The biological significance of the mobility measurements below rests upon having levels of the transfected proteins that are similar to the levels of endogenous tPA and NPY. Endogenous and transfected tPA and NPY were quantified by immunocytochemistry using antibodies (same antibodies as in Fig. 1), which recognized both the endogenous and transfected forms of the proteins (Fig. S1). The intensities of 1000–3000 puncta were measured for each group, and the intensity distributions plotted as relative frequency histograms. For both tPA and NPY, the levels of the protein in transfected cells was less than twice the levels in cells expressing endogenous proteins alone. The median fluorescence intensity/punctum for endogenous tPA was 18,955 compared to 31,877 for cells with tPA-cer, a 1.68-fold increase. The median intensity for endogenous NPY was 35,153 versus 57,284 for cells expressing NPY-cherry, a 1.63-fold increase. Of importance, there was substantial overlap in the individual granule intensities in the endogenous and transfected populations. Eighty-four percent of puncta containing tPA-cer fell between 6000 and 63,000 intensity, an interval containing the well-defined peak of endogenous tPA. Similarly, 94% of puncta containing NPY-cherry were between 15,000 and 135,000 intensity, an interval containing the peak of endogenous NPY. These data indicate that the lumenal diffusion measurements that follow were obtained from granules containing similar total amounts of tPA or NPY as are found in cells expressing only the endogenous proteins.

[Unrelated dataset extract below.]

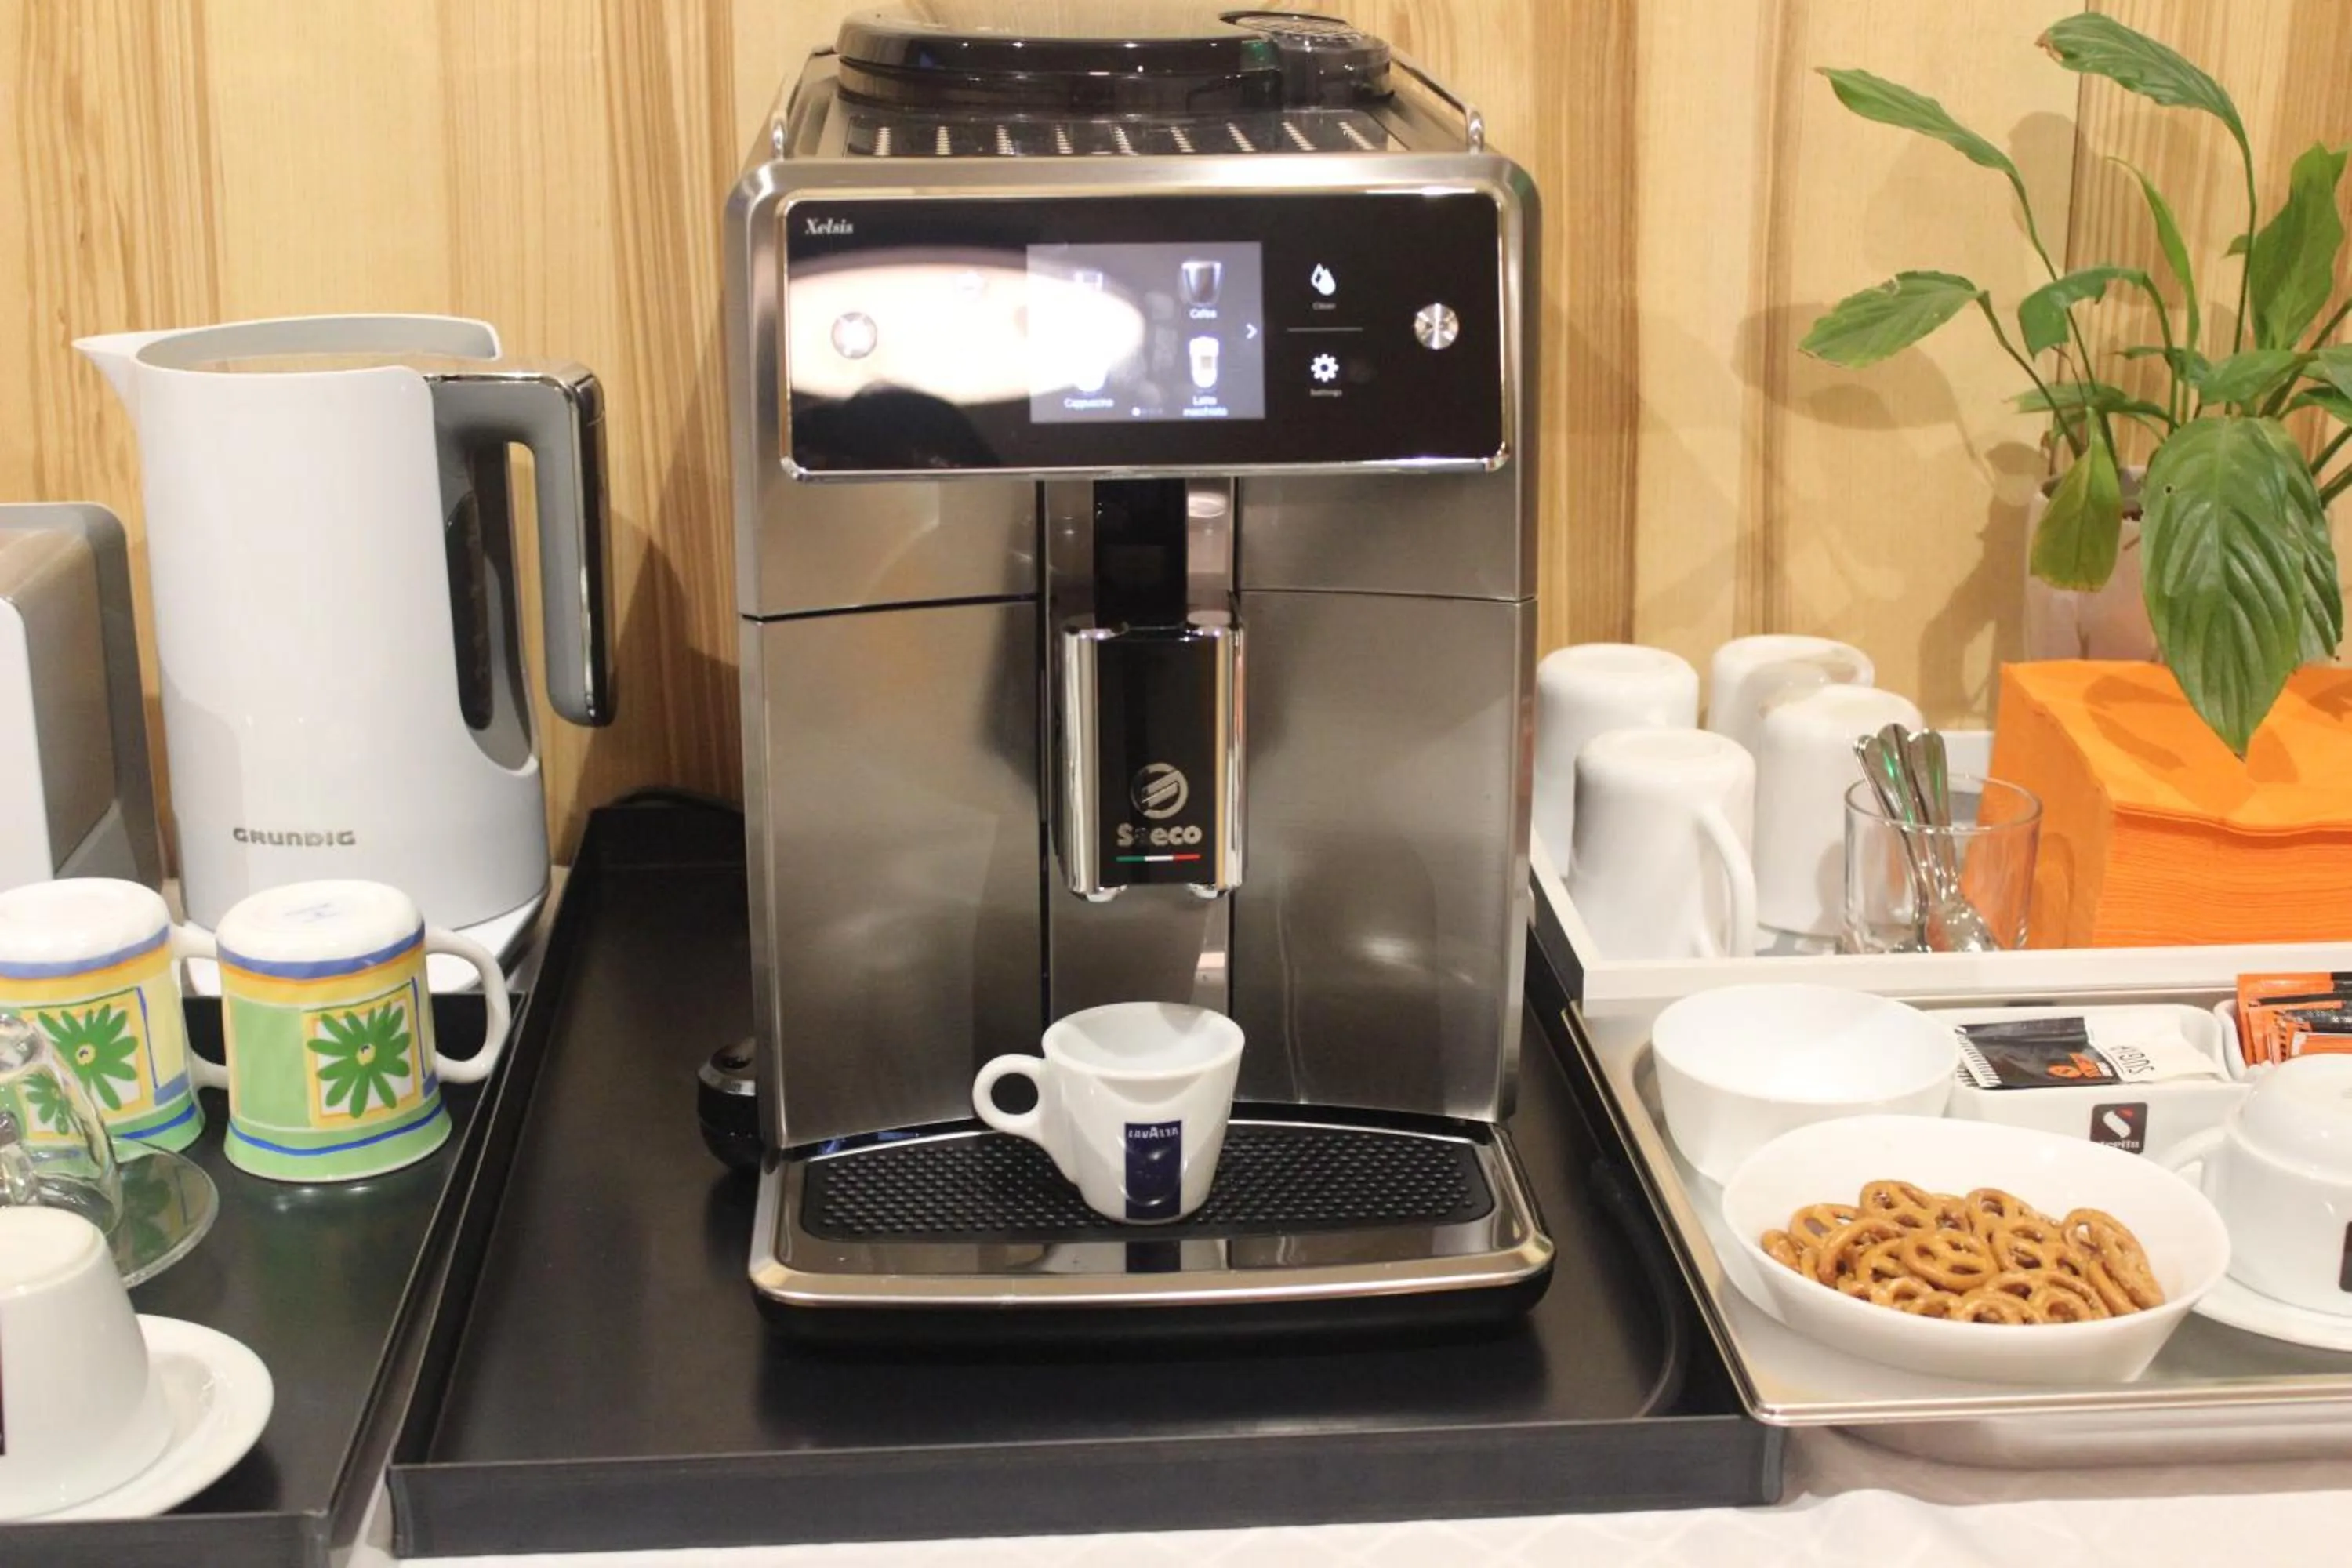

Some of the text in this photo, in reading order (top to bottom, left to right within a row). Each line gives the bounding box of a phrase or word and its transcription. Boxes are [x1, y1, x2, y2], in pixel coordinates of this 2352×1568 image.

TIR/EPI bleaching fraction experiments

The principle underlying the TIR-FRAP method is that the characteristic decay distance of the exponentially decaying evanescent field of TIR (decay distance of ∼64 nm in the following experiments) is much less than the diameter of the secretory (chromaffin) granule (300 nm diameter). Thus, a bright flash preferentially bleaches the portion of the granule nearest to the glass interface. The gradient of unbleached fluorophores relaxes over time as the (possibly) mobile fluorophores redistribute by diffusion (Fig. 2 A). By probing with a much dimmer TIR excitation (produced by the same laser), the recovery rate of the fluorescence F(t) from a low value immediately postbleach can be determined. The faster the recovery, the greater the diffusion coefficient. Unlike standard spot FRAP or open-volume TIR-FRAP, the recovery is never 100% because the spherical volume inside the granule is closed.

We compared the two lumenal proteins that are normally expressed in chromaffin cells, NPY and tPA, each fused to cerulean. Quantitative analysis of the recovery curve versus time is discussed later. Even without analyzing a recovery, we gained information just from the bleaching fraction—the amount of lost fluorescence F(−)-F(0) compared to the prebleach fluorescence F(−), where F(0) is intensity immediately following bleach. Our initial data confirm that TIR bleaching in a granule is indeed localized to the bottom of the granule. We compared two kinds of probe illumination after a TIR bleach: a), a TIR evanescent field probe that excites the region just bleached; and b), an EPI illumination probe that excites uniformly the granule bottom to top in both bleached and relatively unbleached regions. If the TIR bleach is spatially selective, the TIR probe should then report a greater relative bleaching than the EPI probe, because TIR preferentially probes the very region that was TIR bleached. In principle, the evanescent field in our setup should be 100× brighter at the bottom of the 300 nm diameter granule than at the top, but in practice scattering reduces this ratio (29).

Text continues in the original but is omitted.